# TASK REQUIREMENTS
Since the pictures are not wanted, retype the listing below exactly and without them.

++++

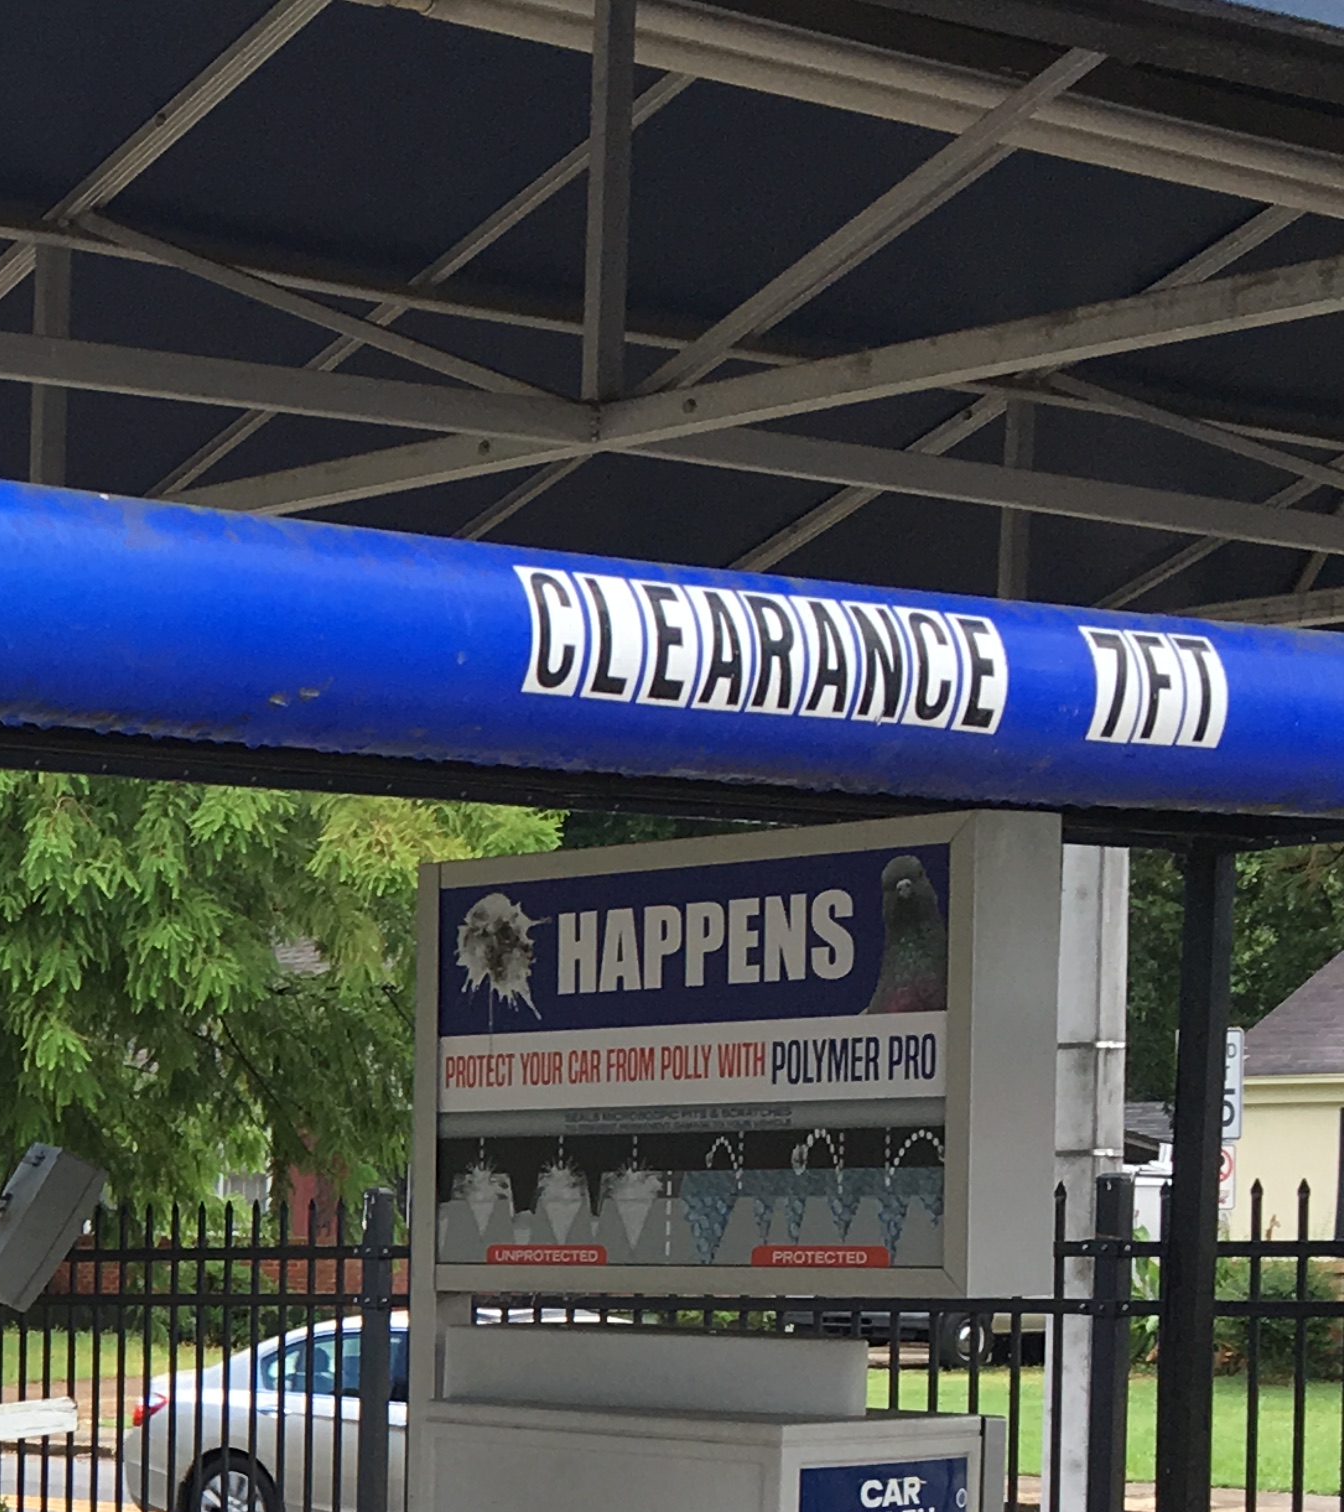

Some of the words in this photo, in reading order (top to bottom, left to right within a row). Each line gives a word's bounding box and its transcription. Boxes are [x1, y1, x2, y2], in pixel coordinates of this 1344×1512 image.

[526, 569, 999, 732] CLEARANCE
[1089, 632, 1219, 744] 7FT
[557, 889, 855, 996] HAPPENS
[445, 1053, 515, 1089] PROTECT
[520, 1051, 562, 1086] YOUR
[568, 1049, 601, 1085] CAR
[606, 1047, 655, 1083] FROM
[661, 1045, 711, 1081] POLLY
[717, 1041, 766, 1078] WITH
[772, 1036, 880, 1085] POLYMER
[888, 1033, 936, 1081] PRO
[495, 1249, 598, 1263] UNPROTECTED
[772, 1251, 868, 1265] PROTECTED
[860, 1476, 921, 1508] CAR
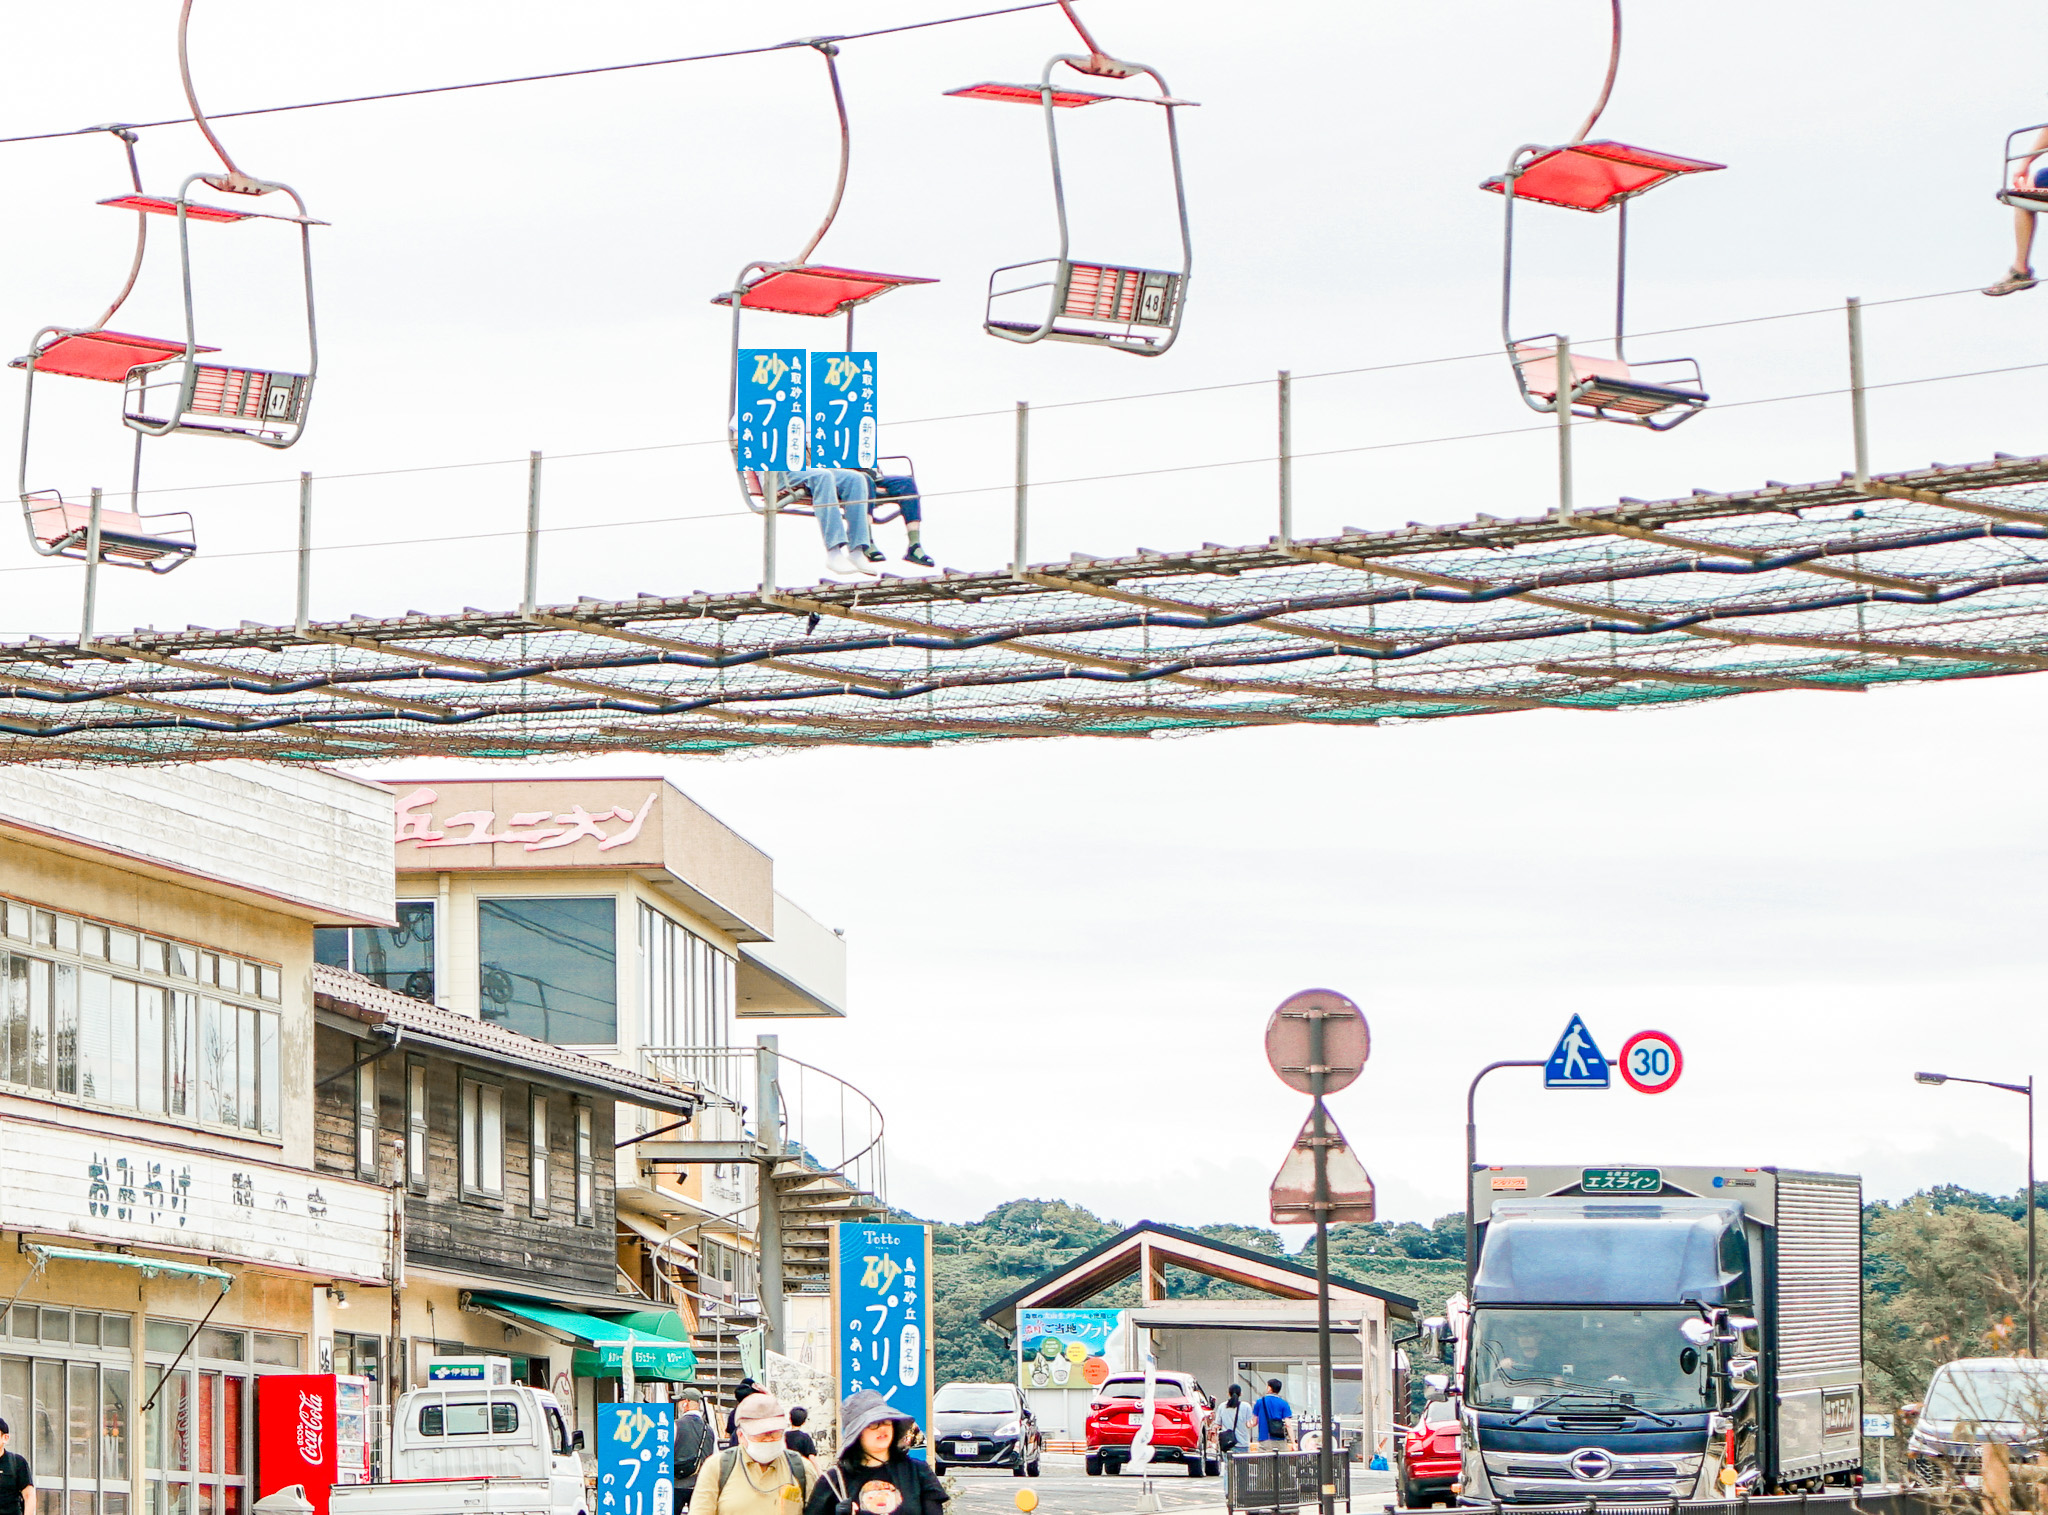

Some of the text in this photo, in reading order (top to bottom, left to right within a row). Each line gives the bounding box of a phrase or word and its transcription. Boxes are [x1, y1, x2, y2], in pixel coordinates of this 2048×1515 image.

[1145, 294, 1160, 312] 48
[271, 394, 286, 410] 47
[789, 355, 803, 413] 鳥取砂丘
[860, 358, 874, 413] 鳥取砂丘
[751, 352, 790, 471] 砂プリ
[824, 354, 861, 468] 砂プリ
[1634, 1048, 1670, 1076] 30
[1585, 1177, 1656, 1189] エスライン
[863, 1230, 901, 1246] Totto
[903, 1256, 918, 1320] 鳥取砂丘
[903, 1332, 916, 1379] 新名物
[299, 1390, 323, 1465] Coca-Cola
[655, 1411, 671, 1474] 鳥取砂丘
[602, 1473, 616, 1515] のあ

++++

# SOLUTION TO THIS PROBLEM
Some of the words in this photo, in reading order (top to bottom, left to right within a row). Each line gives a word's bounding box and its transcription. Boxes are [x1, y1, x2, y2], in pixel coordinates of this 1344×1512 image.

[526, 569, 999, 732] CLEARANCE
[1089, 632, 1219, 744] 7FT
[557, 889, 855, 996] HAPPENS
[445, 1053, 515, 1089] PROTECT
[520, 1051, 562, 1086] YOUR
[568, 1049, 601, 1085] CAR
[606, 1047, 655, 1083] FROM
[661, 1045, 711, 1081] POLLY
[717, 1041, 766, 1078] WITH
[772, 1036, 880, 1085] POLYMER
[888, 1033, 936, 1081] PRO
[495, 1249, 598, 1263] UNPROTECTED
[772, 1251, 868, 1265] PROTECTED
[860, 1476, 921, 1508] CAR

Some of the text in this photo, in reading order (top to bottom, left to right within a row). Each line gives the bounding box of a phrase or word and its transcription. Boxes are [x1, y1, x2, y2], in pixel coordinates of this 2048×1515 image.

[1145, 294, 1160, 312] 48
[271, 394, 286, 410] 47
[789, 355, 803, 413] 鳥取砂丘
[860, 358, 874, 413] 鳥取砂丘
[751, 352, 790, 471] 砂プリ
[824, 354, 861, 468] 砂プリ
[1634, 1048, 1670, 1076] 30
[1585, 1177, 1656, 1189] エスライン
[863, 1230, 901, 1246] Totto
[903, 1256, 918, 1320] 鳥取砂丘
[903, 1332, 916, 1379] 新名物
[299, 1390, 323, 1465] Coca-Cola
[655, 1411, 671, 1474] 鳥取砂丘
[602, 1473, 616, 1515] のあ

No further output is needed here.